Despite having to undergo this protracted genesis, Ghosh is no critic of Bollywood’s ways of working. “It’s essentially an insane business model, and yet you have people willing to take risks and work with huge dedication and professionalism towards the creation of a film,” he says. He draws an unfavourable contrast with advertising where he points out that no one will work without immediate and considerable payment, and where the default position is not to take risks.
“When I moved to TV I went from an environment where people didn’t do things, to one where everyone just did, at once and all the time!” At Channel V, Ghosh says, “we were client, creative and producer all at once. It was hugely exciting and hugely scary, because suddenly you were responsible . In advertising you never take responsibility .”

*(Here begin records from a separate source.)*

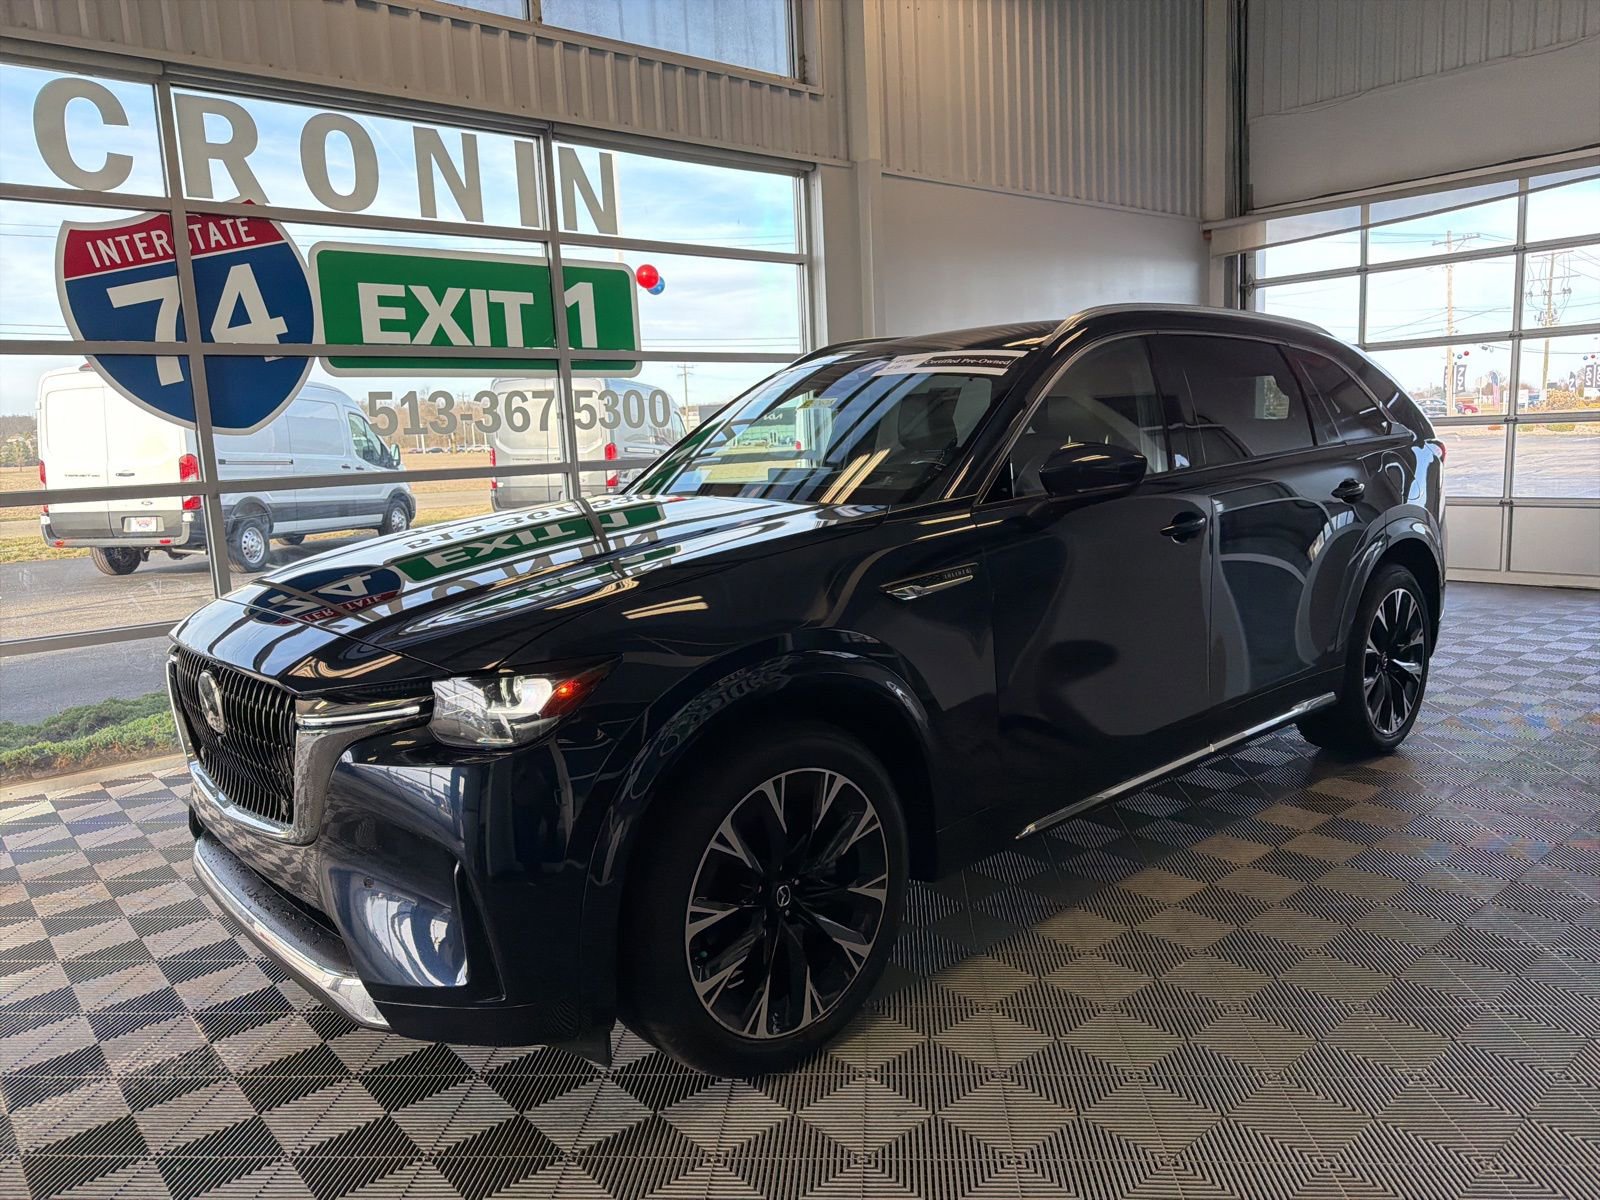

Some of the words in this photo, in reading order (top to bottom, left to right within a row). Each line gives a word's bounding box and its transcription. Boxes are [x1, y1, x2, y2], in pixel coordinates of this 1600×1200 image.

[33, 77, 618, 235] CRONIN
[86, 217, 256, 268] INTERTATE
[106, 262, 289, 387] 74
[357, 282, 535, 348] EXIT
[563, 281, 598, 348] 1
[925, 357, 959, 366] Certified
[961, 357, 1010, 366] Pre-Owned
[367, 388, 671, 436] 513-3675300

Ghosh does credit his advertising years with one benefit: “You learn to listen. As a creative you are supposed to be talk to the final consumer , but first you have to listen to client, servicing, account planning...” Many creatives simply rebel, but Ghosh, who’s rather more thoughtful than his extrovert demeanour suggests, acknowledges value in those other voices.
When he went to TV he took a classic Account Planning learning of the importance of focusing on a consumer group like SEC A rather than “the sort of guys you hang around with at Toto’s pub.” Except that instead of calling it SEC A he called it “The Legend of Tinku Bansal” and put up a detailed note on who Tinku Bansal was: “the sort of guy who used M-C /B-C in every sentence , except when his mother is around, and who sells toilets in Karol Bagh and has his shirt open to his waist...”

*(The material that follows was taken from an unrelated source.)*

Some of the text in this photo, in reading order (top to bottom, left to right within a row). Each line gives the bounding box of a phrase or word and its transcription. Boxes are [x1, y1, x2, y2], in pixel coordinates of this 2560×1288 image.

Tinku Bansal was the person for who Ghosh, Devraj and the rest of that inspired Channel V crowd created characters like Udham Singh and Quick Gun Murugan. And if enough Tinku Bansals watch Quick Gun Murugan, then Ghosh and Devraj will have delivered. Even if the film is not a box office hit, it has all the potential to become a cult classic, which will show returns over time and different formats. Ghosh grimaces at talk going around of a sequel called The Good, The Bad and The Idli; what’s more likely in the near future is the gaming version he’s working on, and the comics that Devraj has already started creating.
There’s also a range of merchandising ready, and any marketing manager with sense must surely be racing to be the first to tie the “Mind It” man to their brand. Because for all their mixed feelings about advertising, this is what Devraj and Ghosh have pulled off – far more than any recent Bollywood film, except perhaps the Munnabhai series, in Quick Gun Murugan they have developed a brand character with the look, the line and the legs to carry campaigns in ways which most ad creatives can only dream. Forget the Oscars or Filmfare awards, it’s the ad awards and, more important, the ad budgets, at which this vegetarian cowboy should aim.